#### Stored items

▬▬▬▬▬▬

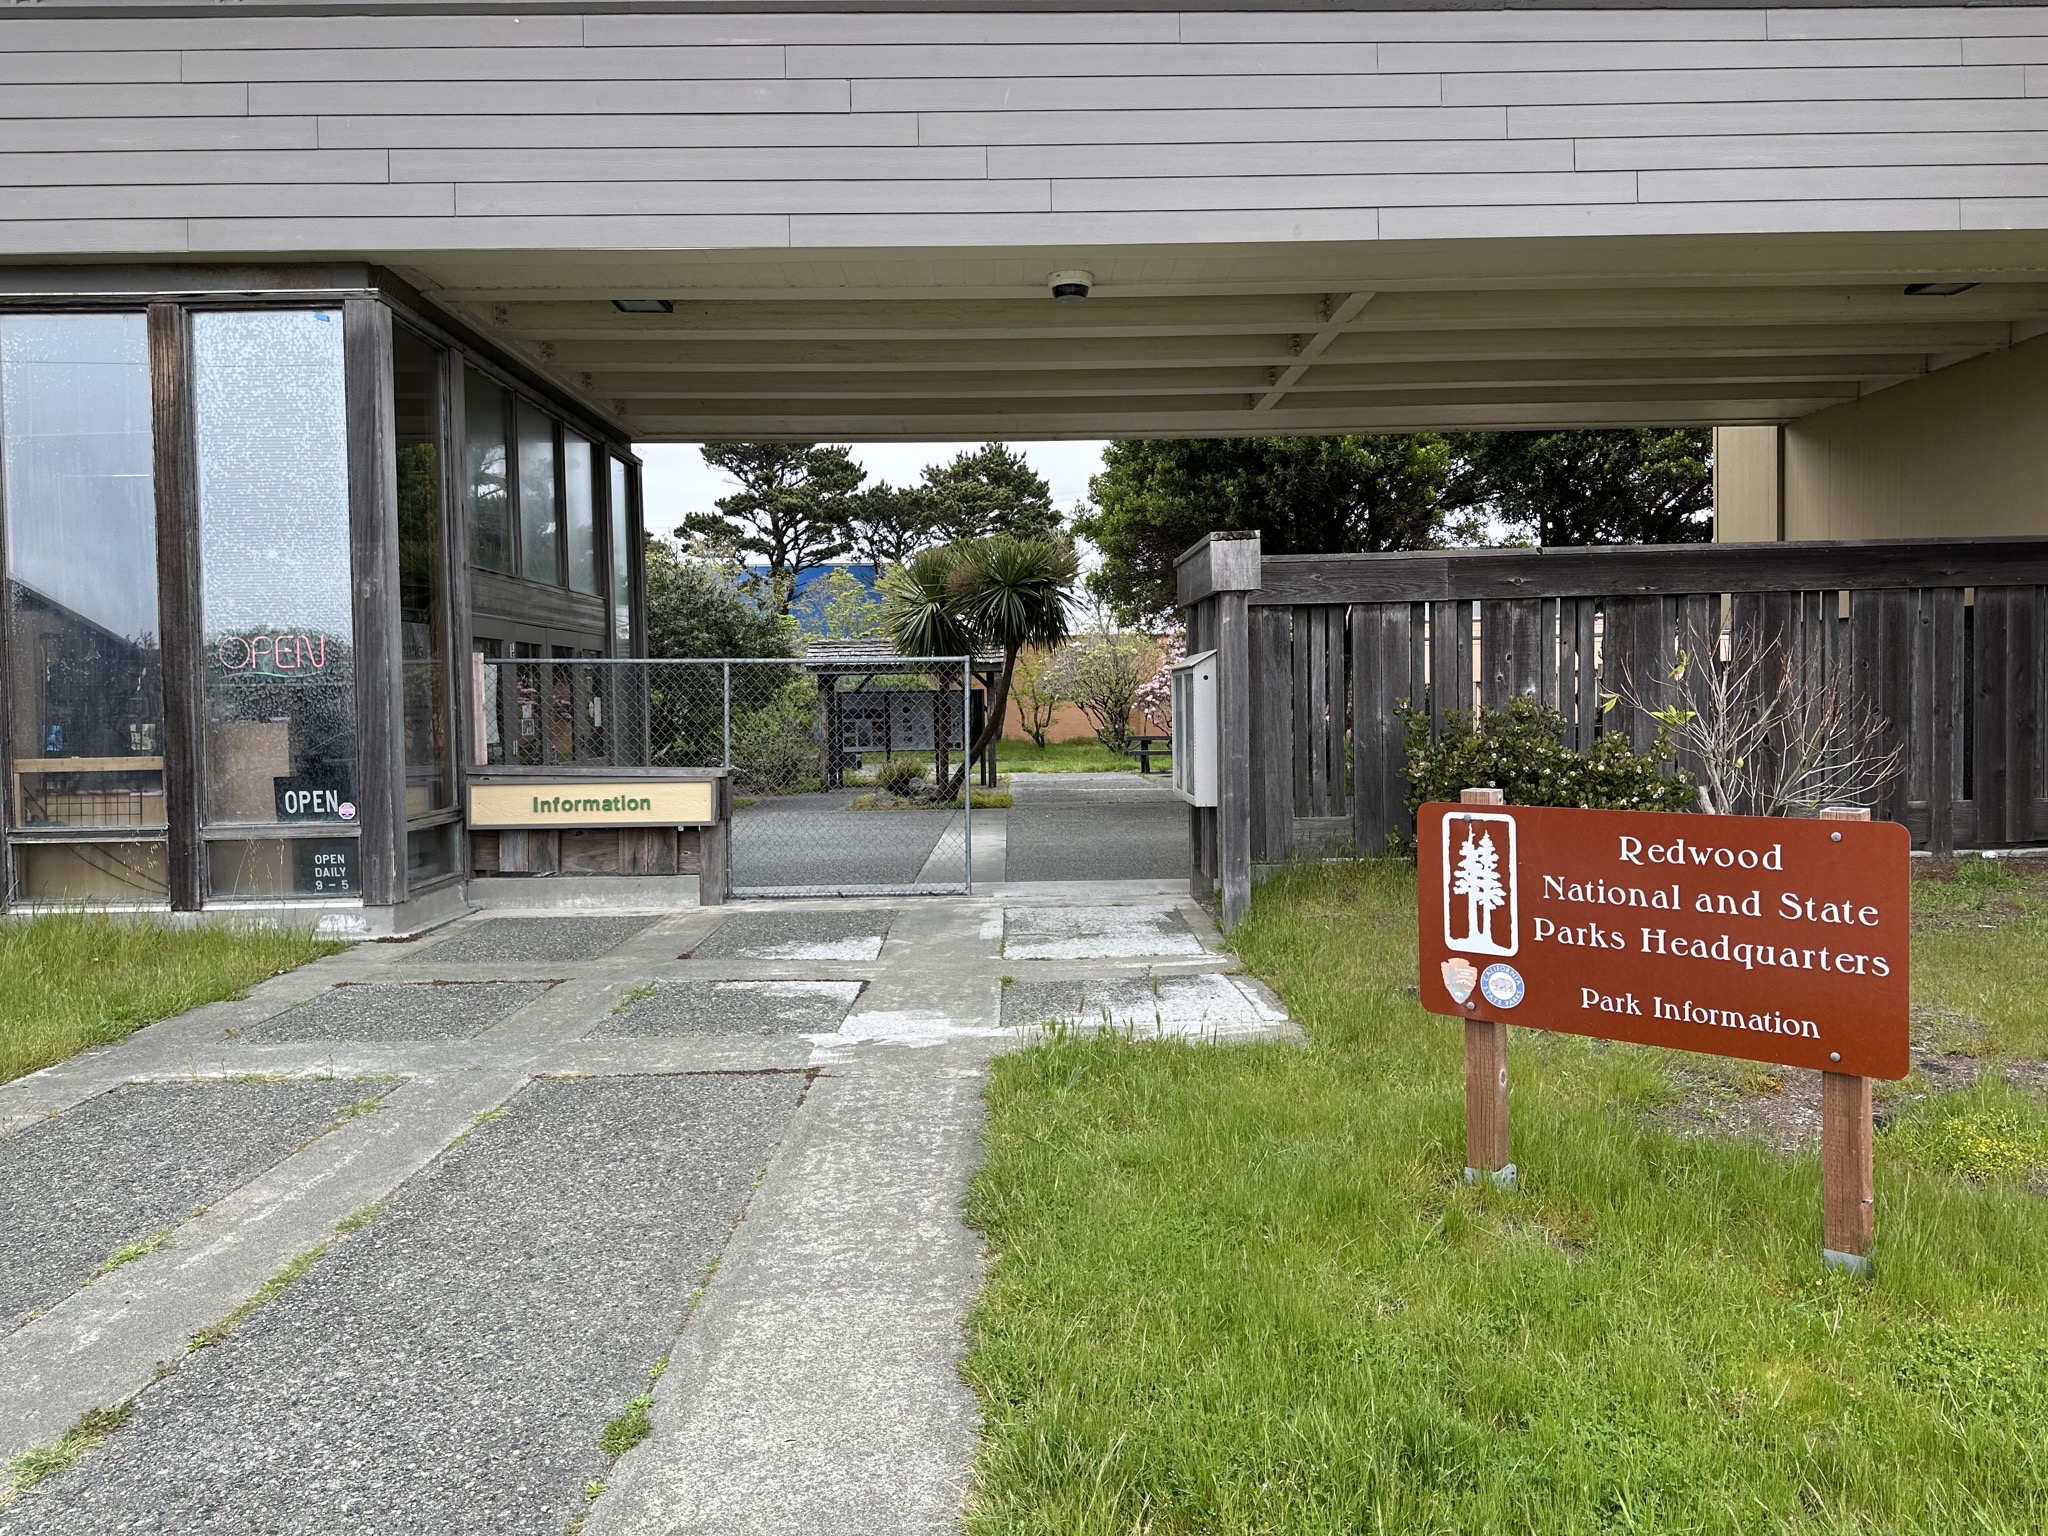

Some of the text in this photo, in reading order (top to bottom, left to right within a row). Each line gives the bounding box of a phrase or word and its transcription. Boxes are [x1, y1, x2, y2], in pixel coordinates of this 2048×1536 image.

[219, 635, 325, 669] OPEN
[284, 789, 339, 814] OPEN
[533, 795, 651, 814] Information
[314, 853, 345, 865] OPEN
[1618, 835, 1784, 871] Redwood
[314, 867, 347, 878] DAILY
[315, 880, 323, 890] 9
[341, 880, 349, 890] 5
[1542, 874, 1880, 927] National and State
[1533, 917, 1891, 977] Parks Headquarters
[1483, 965, 1520, 986] CALIFORNIA
[1483, 985, 1522, 1007] STATE PARKS
[1580, 987, 1821, 1039] Park Information

▬▬▬▬▬▬

#### PROBLEM DESCRIPTION
Restate every record above word for word, without images.

#### COMPLETED EXERCISE
Some of the text in this photo, in reading order (top to bottom, left to right within a row). Each line gives the bounding box of a phrase or word and its transcription. Boxes are [x1, y1, x2, y2], in pixel coordinates of this 2048×1536 image.

[219, 635, 325, 669] OPEN
[284, 789, 339, 814] OPEN
[533, 795, 651, 814] Information
[314, 853, 345, 865] OPEN
[1618, 835, 1784, 871] Redwood
[314, 867, 347, 878] DAILY
[315, 880, 323, 890] 9
[341, 880, 349, 890] 5
[1542, 874, 1880, 927] National and State
[1533, 917, 1891, 977] Parks Headquarters
[1483, 965, 1520, 986] CALIFORNIA
[1483, 985, 1522, 1007] STATE PARKS
[1580, 987, 1821, 1039] Park Information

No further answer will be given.